# [DIRECTIONS FOR THIS TASK]
Make an exact copy of every entry, leaving the pictures out.

[Dataset entries]
· · · ·

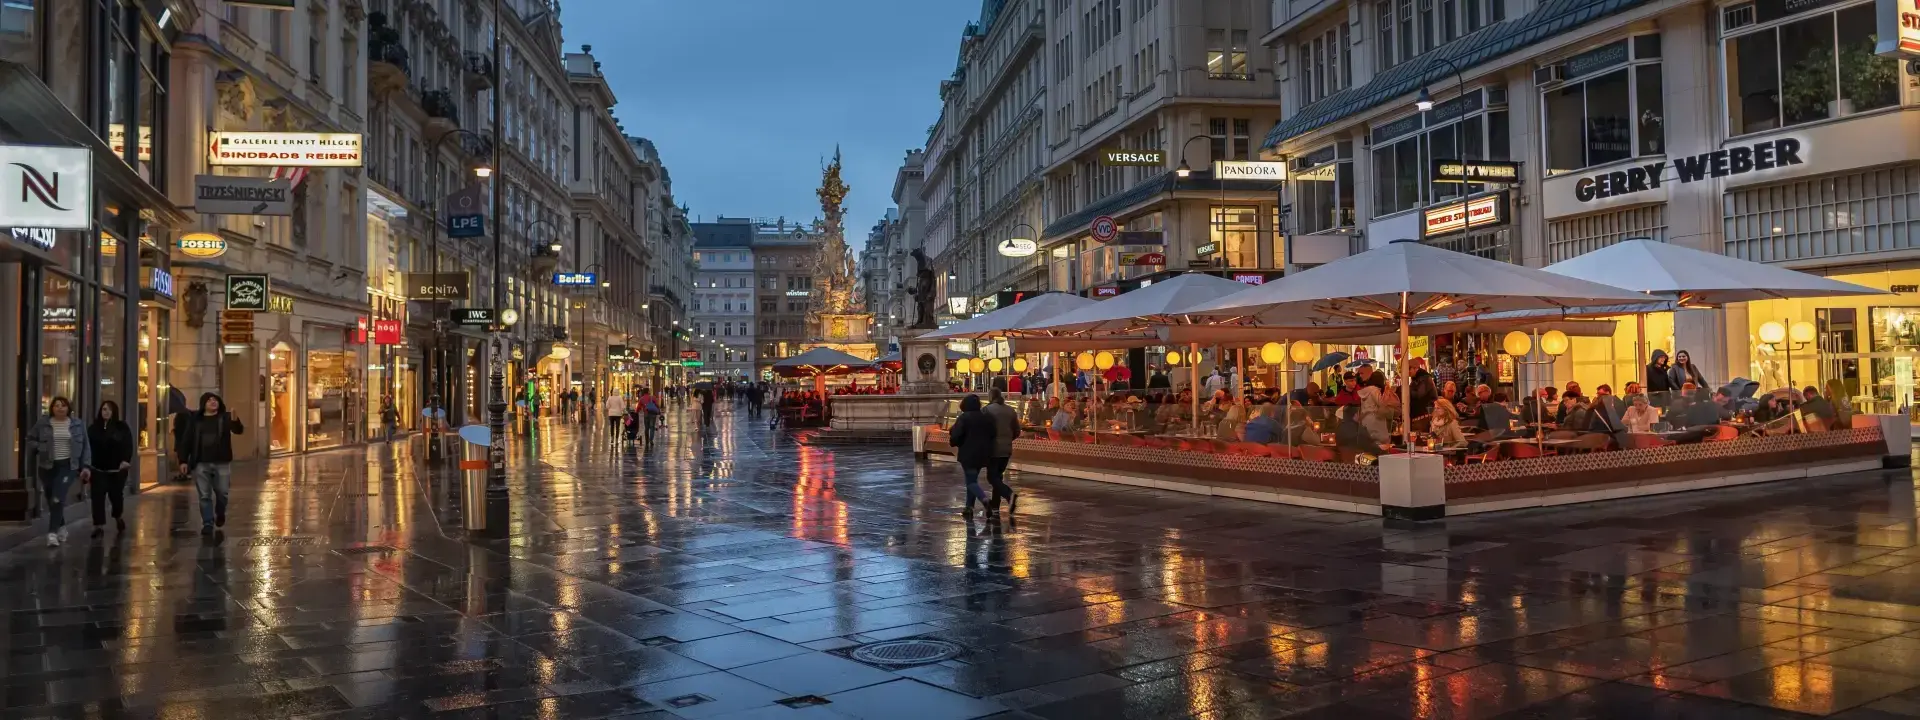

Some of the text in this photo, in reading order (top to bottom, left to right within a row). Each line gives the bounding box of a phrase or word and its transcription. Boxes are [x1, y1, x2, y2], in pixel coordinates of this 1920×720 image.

[1902, 12, 1920, 30] ST
[305, 152, 358, 160] REISEN
[1108, 153, 1160, 162] VERSACE
[1477, 166, 1515, 177] WEBER
[1575, 137, 1803, 202] GERRY WEBER
[452, 216, 478, 228] LPE
[154, 268, 173, 297] FOSSIL
[1890, 284, 1919, 293] GERRY
[468, 310, 487, 318] IWC

· · · ·

# [ANSWER FOR THE TASK]
Some of the text in this photo, in reading order (top to bottom, left to right within a row). Each line gives the bounding box of a phrase or word and its transcription. Boxes are [x1, y1, x2, y2], in pixel coordinates of this 1920×720 image.

[1902, 12, 1920, 30] ST
[305, 152, 358, 160] REISEN
[1108, 153, 1160, 162] VERSACE
[1477, 166, 1515, 177] WEBER
[1575, 137, 1803, 202] GERRY WEBER
[452, 216, 478, 228] LPE
[154, 268, 173, 297] FOSSIL
[1890, 284, 1919, 293] GERRY
[468, 310, 487, 318] IWC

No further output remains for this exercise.